Dentre as personalidades a serem louvadas no ano de 2014, é
provável que o papa Francisco consiga a unanimidade. Contrariando as
expectativas da Cúria romana, ou quem sabe, cumprindo os desejos de seu
antecessor que surpreendeu o mundo ao renunciar a este cargo máximo de poder da
Igreja Católica, ele parece estar corajosamente disposto a resgatar e estender os
princípios humanistas cristãos. Logo após ter sido um dos arquitetos das negociações
em torno do fim do embargo de meio século dos USA contra Cuba, o papa veio a
público em sua mensagem de Natal no Vaticano, e diante de cardeais, bispos e
monsenhores afirmou que como qualquer corpo humano, a Cúria sofre de doenças, e
que a cura destas passaria necessariamente por uma consciência das doenças. Um
recado e tanto para organizações que como a Cúria (e muitos Estados), “não têm
notícias” sobre seu funcionamento esclerosado e mergulhado nos líquidos
corrosivos e poluentes da corrupção e outros subprodutos do fascínio do poder. Um
sintoma que nasce do que é negado e desprezado porque assusta e é moral e eticamente
inaceitável, mas que precisa vir a ser conhecido e entendido, como o lado
sombrio da mente humana. Mais de dois milênios após seu surgimento é difícil avaliar
com precisão a incidência do cristianismo em todos os continentes, sua
participação nas diferentes culturas e na maneira como o mundo é hoje. É
provável que a permanente disseminação de sua doutrina, em suas várias
vertentes, encontre ecos no empenho dos primeiros cristãos que decidiram levar
sua fé a todos os povos, e apostaram na sua potência ao aproximar a imagem de
Deus (Cristo) dos homens comuns, incitando-os a sentirem-se parceiros deste
Deus sendo bons, responsáveis e respeitosos com seus próximos. Este seria
segundo alguns pensadores, o principal papel das religiões, que ao emprestarem
sua doutrina sobre a origem e os destinos dos homens e conclamarem-nos a seguir
seus passos e conter suas paixões, resolveriam um dos mais difíceis dramas
humanos, aquele que está associado à compreensão se seus aspectos destrutivos,
seus sentimentos agressivos, seu ódio, sua violência, seus medos e sua
voracidade: toda a selvageria que o impede de construir um lugar de convívio
para si e para os seus. Mesmo em nosso paradoxal tempo de alta e ininterrupta
tecnologia, em que novas ferramentas não cessam de prometer levar a todos “um
pouco mais além”, permanece a busca de zonas de conforto, espaços em que o que é
conhecido e verossímil parece curar a ansiedade provocada pela sensação de que
não haveria mais certezas para o futuro.
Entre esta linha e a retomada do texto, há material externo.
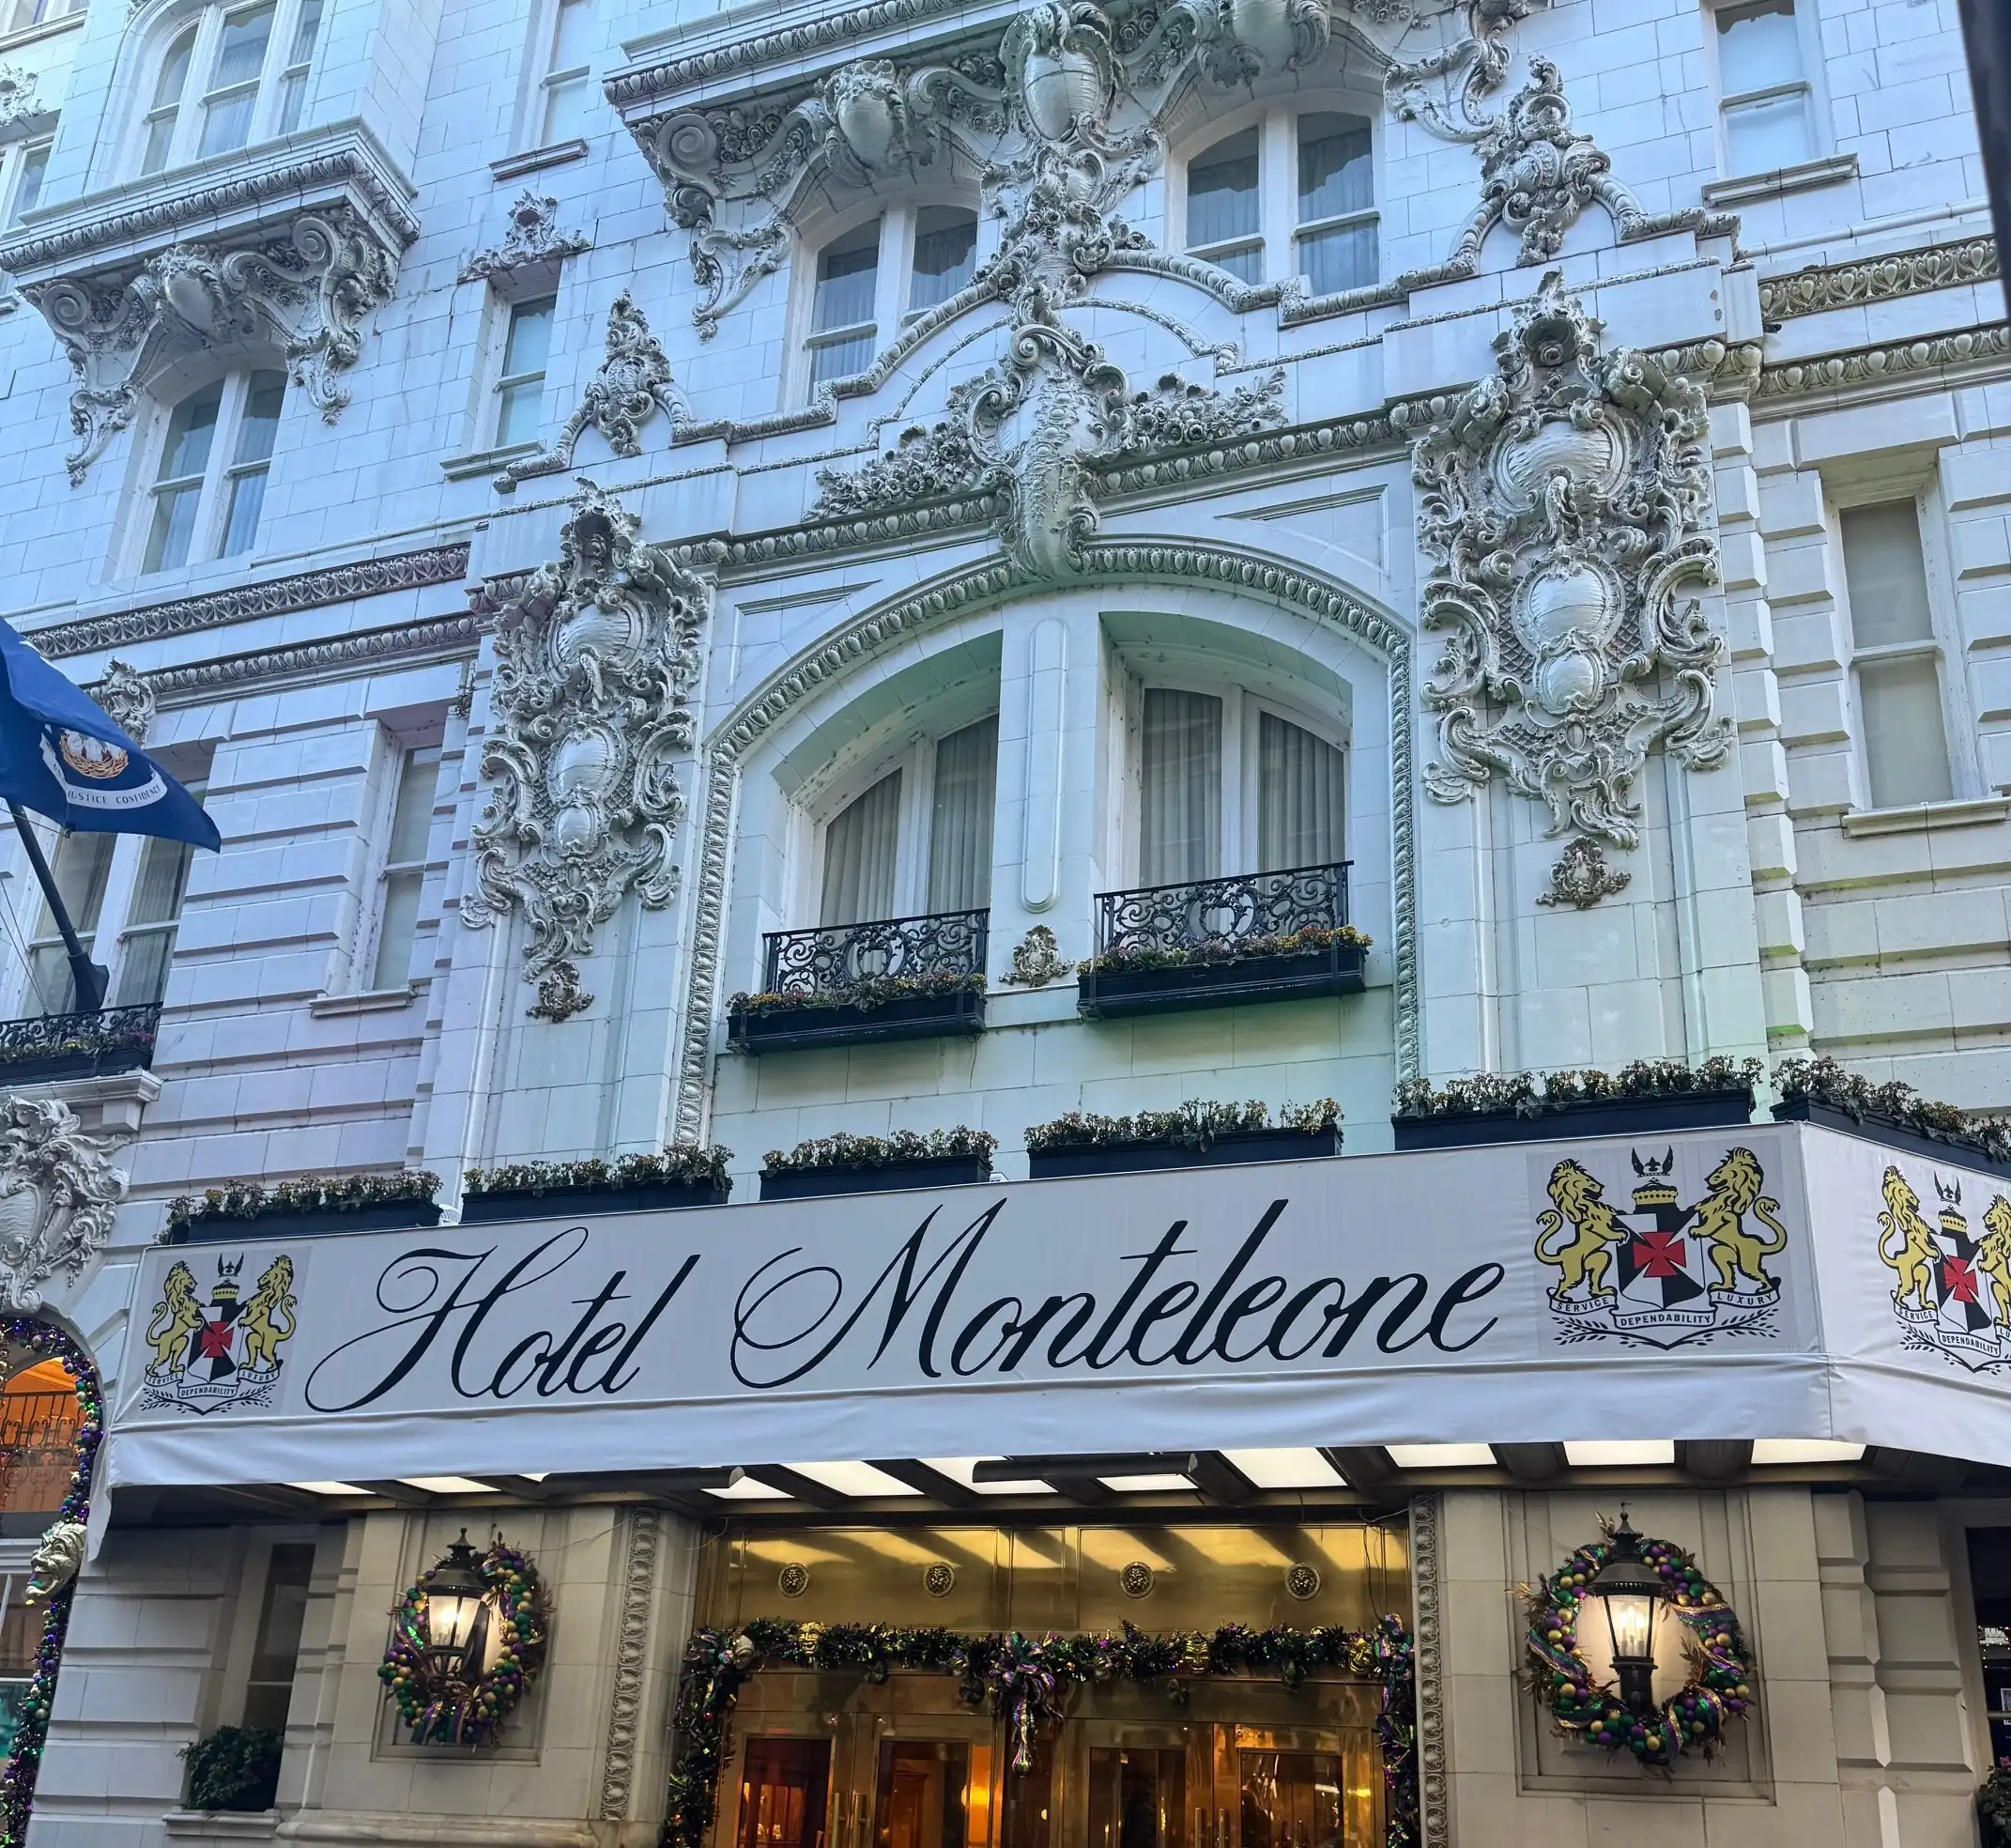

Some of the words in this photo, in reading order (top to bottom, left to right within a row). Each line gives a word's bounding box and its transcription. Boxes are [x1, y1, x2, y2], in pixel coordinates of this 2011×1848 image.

[304, 1225, 701, 1413] Hotel
[729, 1197, 1506, 1390] Monteleone
[1556, 1297, 1610, 1312] SERVICE
[1716, 1292, 1773, 1305] LUXURY
[1898, 1306, 1934, 1320] SERVICE
[1620, 1315, 1712, 1327] DEPENDABILITY
[1942, 1334, 1999, 1355] DEPENDABILITY
[147, 1373, 179, 1384] SERVICE
[241, 1371, 276, 1381] LUXURY
[180, 1388, 236, 1397] DEPENDABILITY
Ainda que seja justamente esta incerteza
em relação ao que se pode esperar do futuro, o que move a todos a desejar
construí-lo. Por isso, apesar de muitos adentrarem no mês de dezembro com o sentimento de não ter podido concluir ou
realizar o que planejaram para o ano que se despede, aos poucos a chegada do
próximo vai se impondo e impondo um futuro. Pode até ser de mudanças. Um ótimo
Natal a todos os leitores.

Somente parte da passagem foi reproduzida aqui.